The study found nearly 650,000 airings of Medicare ads running during the nine weeks of advertising - more than 9,500 airings per day. Most were sponsored by health insurers, but about 20% ads were sponsored by brokers and other third-party entities, such as marketing firms.
Here’s a sampling of the ads:
Separate research by the Commonwealth Fund, a nonprofit research group focused on health care issues, found that as many as 19 percent of Medicare beneficiaries had reported receiving phone calls or seeing ads that would be considered fraud, including offers of “special discounts” for signing up within a certain time frame. Ten percent reported receiving calls asking for their Medicare or Social Security number before plan details would be given.
The Centers for Medicare & Medicaid Services, which runs Medicare, has moved to strengthen its regulation of plan marketing. Starting with this enrollment season, CMS will require all television ads to be approved in advance and add new messaging standards for all forms of marketing — including direct mail, email and phone outreach.
The effects of the crackdown remain to be seen.
This weekend in the New York Times, I examine the changes you can make to your Medicare coverage during fall enrollment, new federal cost controls on prescription drug plans — and how you can cut through the marketing noise to make smart buying decisions.
Social Security COLA will be 3.2% in 2024
Social Security announced that the annual cost-of-living adjustment (COLA) for next year will be 3.2%.
The COLA reflects the cooler pace of inflation this year, and it comes on the heels of a much larger 8.7% adjustment this year, and 5.9% in 2022. But the Medicare premium increase will put a squeeze on seniors with more modest benefits. And the end of pandemic relief programs will put additional pressure on low income seniors.
Looking at this with a wider lens, it’s important to think of inflation is an ever-present risk that should always be a consideration in your retirement plan.
Last weekend in the New York Times, I explored strategies that can help mitigate inflation risk over the long haul. I discussed the key ideas in that story on Thursday in an interview with CBS News - click the player above to listen.

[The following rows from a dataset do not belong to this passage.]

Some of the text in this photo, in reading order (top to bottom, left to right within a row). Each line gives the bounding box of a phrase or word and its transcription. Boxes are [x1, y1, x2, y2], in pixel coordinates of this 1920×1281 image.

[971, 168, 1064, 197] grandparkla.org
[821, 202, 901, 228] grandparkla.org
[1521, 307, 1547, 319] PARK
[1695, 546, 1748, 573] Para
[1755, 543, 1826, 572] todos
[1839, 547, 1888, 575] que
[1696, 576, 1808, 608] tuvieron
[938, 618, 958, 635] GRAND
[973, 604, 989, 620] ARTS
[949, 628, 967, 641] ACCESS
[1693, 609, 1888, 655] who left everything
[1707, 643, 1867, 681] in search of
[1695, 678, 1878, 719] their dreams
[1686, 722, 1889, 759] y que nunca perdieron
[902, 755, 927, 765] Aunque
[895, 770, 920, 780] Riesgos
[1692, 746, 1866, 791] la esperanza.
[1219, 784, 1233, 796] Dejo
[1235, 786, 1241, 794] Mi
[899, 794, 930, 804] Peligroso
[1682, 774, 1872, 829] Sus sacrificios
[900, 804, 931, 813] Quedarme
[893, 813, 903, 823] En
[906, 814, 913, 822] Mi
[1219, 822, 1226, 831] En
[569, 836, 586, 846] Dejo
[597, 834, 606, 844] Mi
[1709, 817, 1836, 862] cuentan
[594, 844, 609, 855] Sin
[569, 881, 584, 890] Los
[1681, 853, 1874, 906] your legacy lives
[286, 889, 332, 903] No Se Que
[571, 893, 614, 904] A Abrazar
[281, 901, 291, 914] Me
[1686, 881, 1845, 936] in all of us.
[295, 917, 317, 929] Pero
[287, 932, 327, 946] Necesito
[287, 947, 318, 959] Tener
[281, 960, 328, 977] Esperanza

The key ideas to consider include:
Holding equities in your portfolio, even in retirement, because they have proved to outpace inflation over the long haul.

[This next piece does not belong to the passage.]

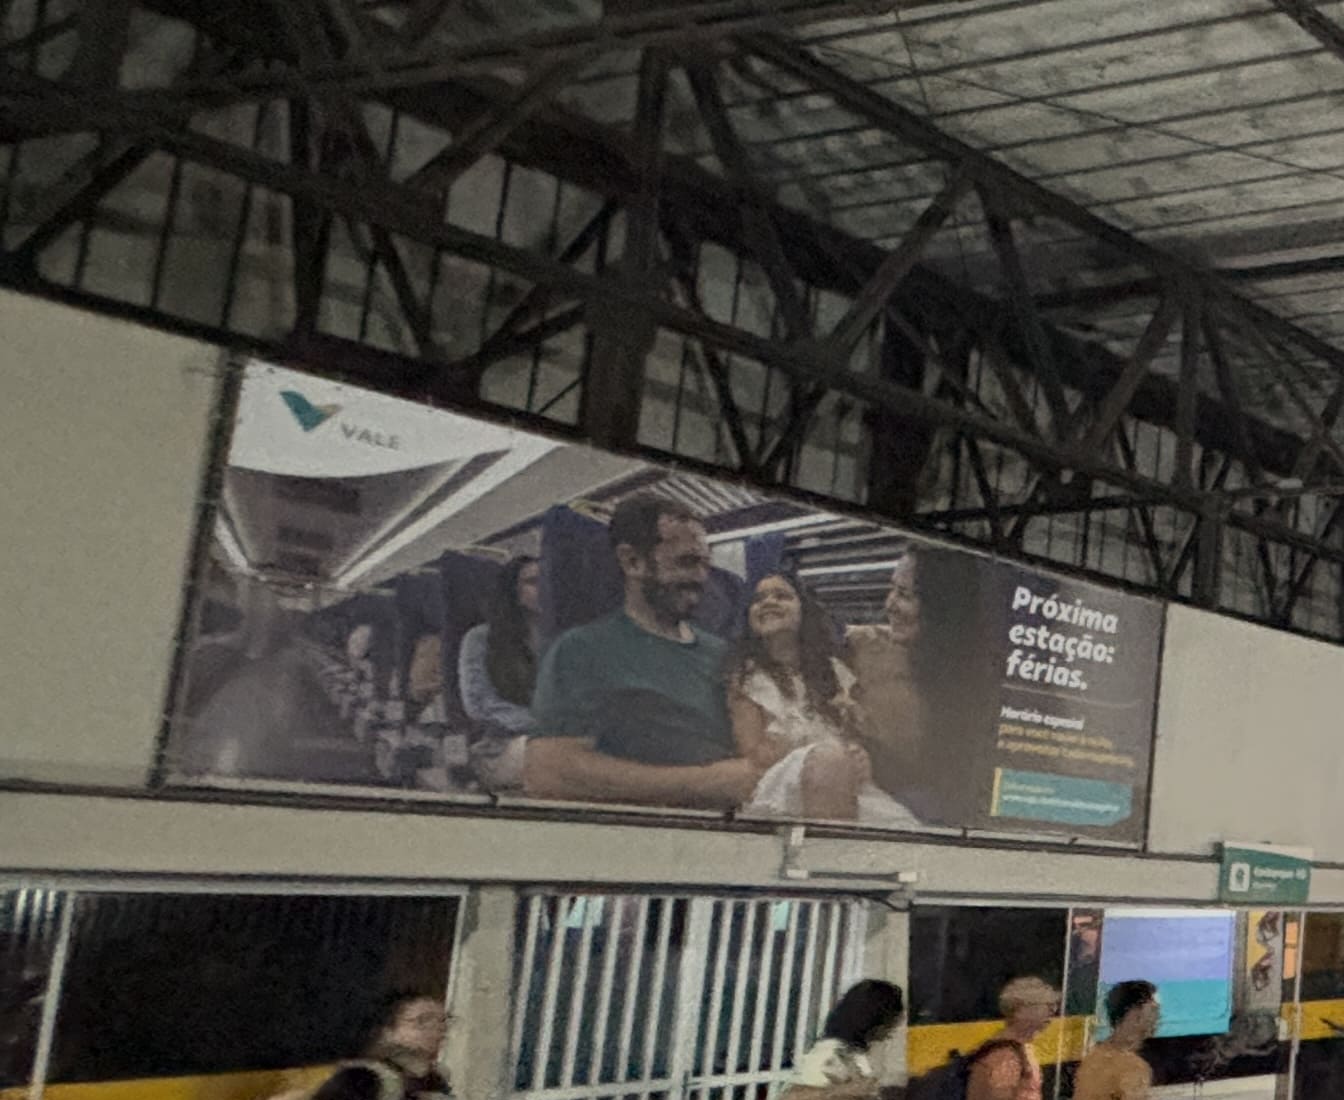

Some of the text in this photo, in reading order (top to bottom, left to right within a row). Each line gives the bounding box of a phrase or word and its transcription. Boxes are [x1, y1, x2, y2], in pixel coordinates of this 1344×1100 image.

Delaying your Social Security claim. The Social Security COLA makes it the only true inflation hedge available to retirees — and one of the best ways to maximize that protection is to delay claiming your benefits to increase monthly income.
Consider Treasury inflation-protected securities, (TIPS) and inflation-adjusted mutual funds. TIPS are risk-free if you hold them to maturity, but the road to that end point can be bumpy and the price you’ll pay for the inflation guarantee varies. One approach is a TIPS ladder; low-cost short-term bond funds or a traditional open-end or ETF TIPS funds offer another approach.
But here’s the key point: Inflation really is another form of longevity risk. As Joel Dickson, global head of advice methodology at Vanguard, told me: “If your portfolio going into retirement is projected to be able to satisfy your spending needs for 30 years, an inflation shock might mean that it can only do that for 27 years, and those last three years aren’t being covered.”
Medicare Part B premium will jump in 2024
Following the COLA news, Medicare officials announced that the monthly Part B premium will jump $9.80 to $174.70. That will take a substantial bite out of COLAs, which average $50 for the typical beneficiary. The Part B news came in Medicare’s announcement of all premiums and deductibles for Parts A and B next year. Other highlights:
The Part B deductible will be $240 in 2024, an increase of $14 from $226 this year
The Part A deductible will be $1,632 in 2024, an increase of $32
The announcement also includes the brackets for Income-Related Monthly Adjustment Amounts (IRMAA) next year, which are adjusted annually for inflation.